- **INPUT**
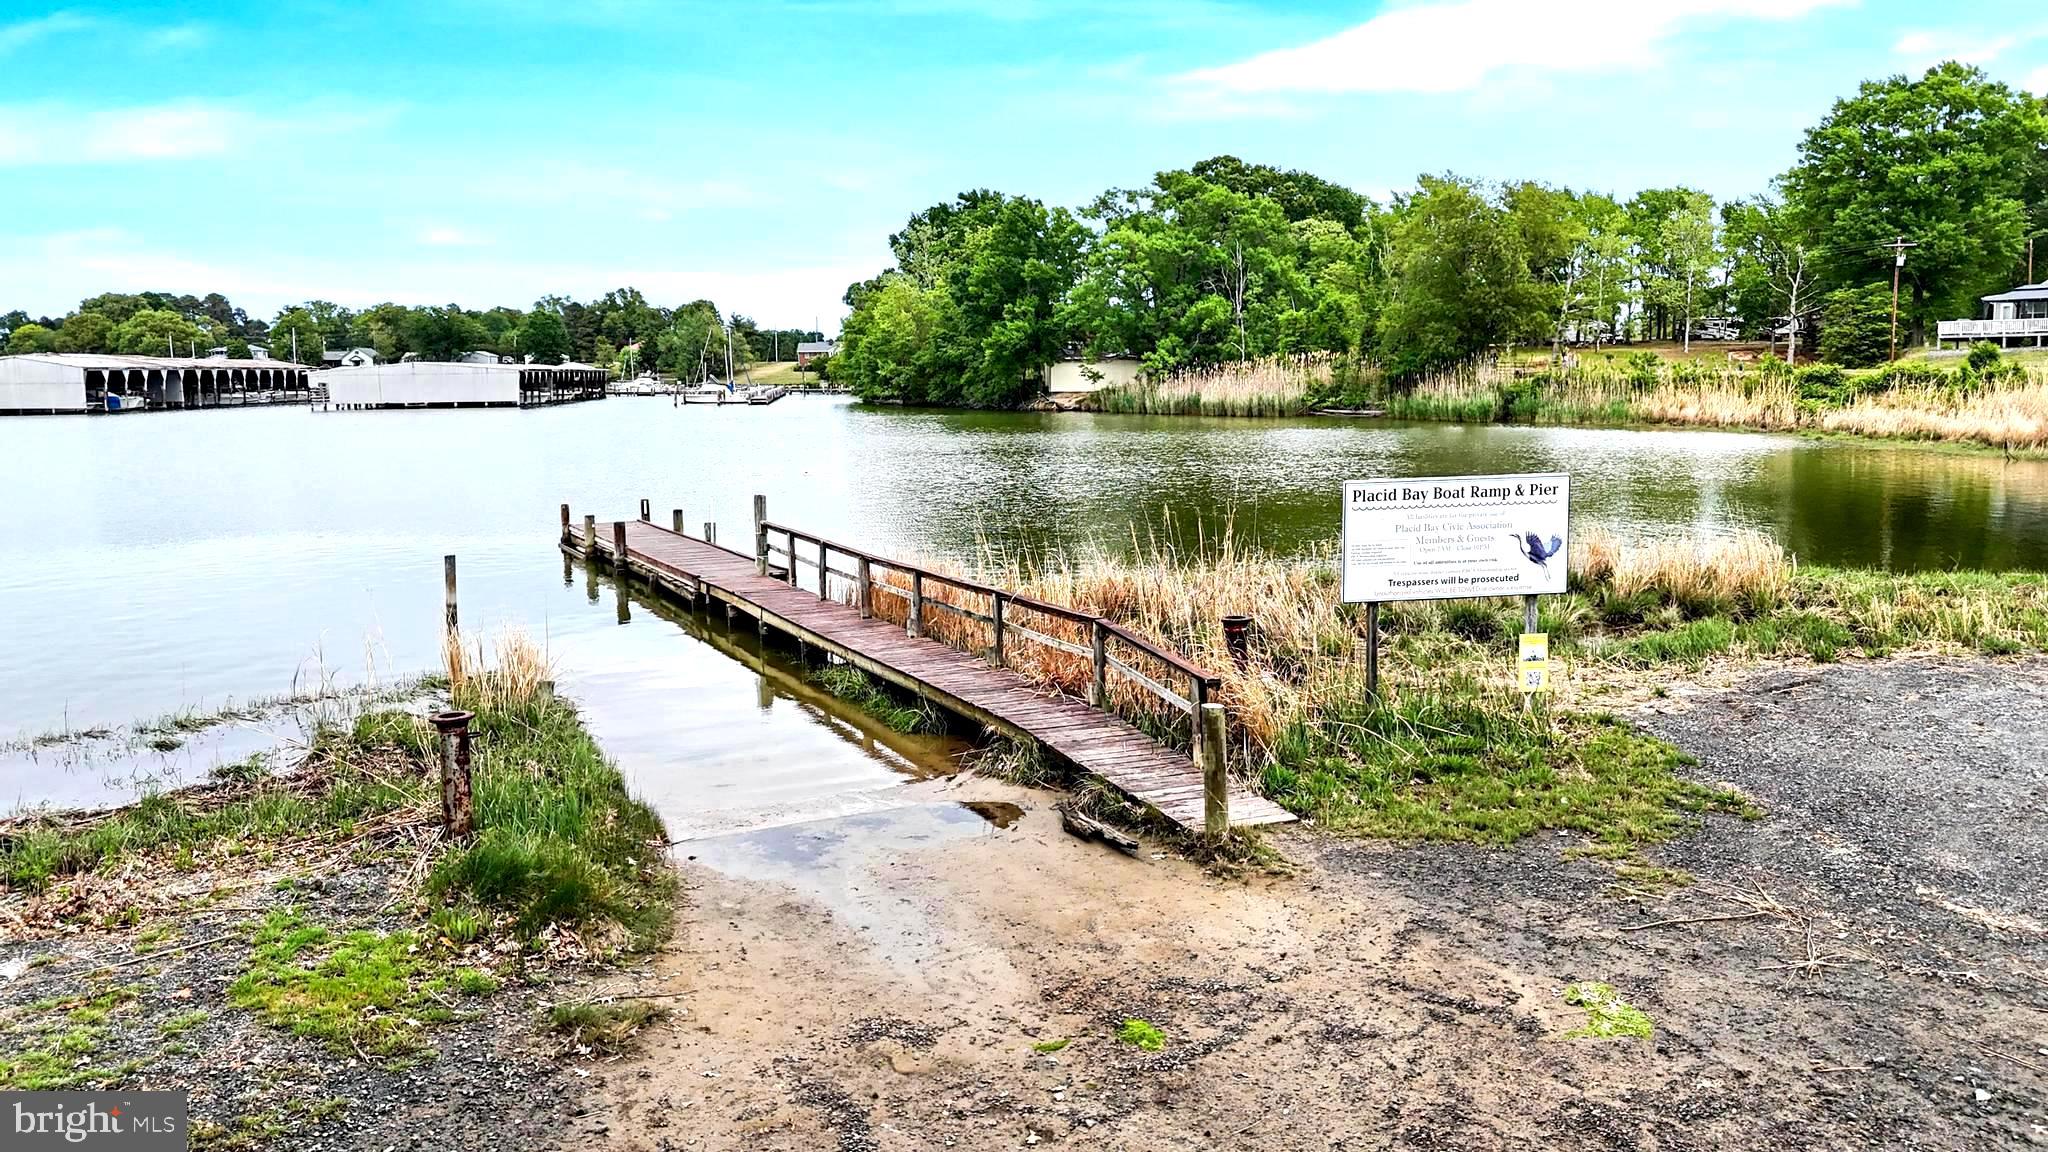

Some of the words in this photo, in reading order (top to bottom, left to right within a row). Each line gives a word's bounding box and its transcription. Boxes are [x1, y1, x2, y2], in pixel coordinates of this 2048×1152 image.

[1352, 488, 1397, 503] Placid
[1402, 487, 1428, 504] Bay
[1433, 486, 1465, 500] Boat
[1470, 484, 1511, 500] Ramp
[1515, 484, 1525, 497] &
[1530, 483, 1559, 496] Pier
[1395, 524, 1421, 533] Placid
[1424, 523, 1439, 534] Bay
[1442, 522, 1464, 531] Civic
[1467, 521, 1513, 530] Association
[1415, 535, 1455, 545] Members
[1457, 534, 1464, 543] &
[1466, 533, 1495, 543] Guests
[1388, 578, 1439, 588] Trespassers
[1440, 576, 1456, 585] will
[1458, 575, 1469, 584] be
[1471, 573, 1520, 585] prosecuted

- **WHAT IS REQUIRED**
The required output is each line above restated verbatim, with all images omitted.

- **FINAL ANSWER**
Some of the words in this photo, in reading order (top to bottom, left to right within a row). Each line gives a word's bounding box and its transcription. Boxes are [x1, y1, x2, y2], in pixel coordinates of this 2048×1152 image.

[1352, 488, 1397, 503] Placid
[1402, 487, 1428, 504] Bay
[1433, 486, 1465, 500] Boat
[1470, 484, 1511, 500] Ramp
[1515, 484, 1525, 497] &
[1530, 483, 1559, 496] Pier
[1395, 524, 1421, 533] Placid
[1424, 523, 1439, 534] Bay
[1442, 522, 1464, 531] Civic
[1467, 521, 1513, 530] Association
[1415, 535, 1455, 545] Members
[1457, 534, 1464, 543] &
[1466, 533, 1495, 543] Guests
[1388, 578, 1439, 588] Trespassers
[1440, 576, 1456, 585] will
[1458, 575, 1469, 584] be
[1471, 573, 1520, 585] prosecuted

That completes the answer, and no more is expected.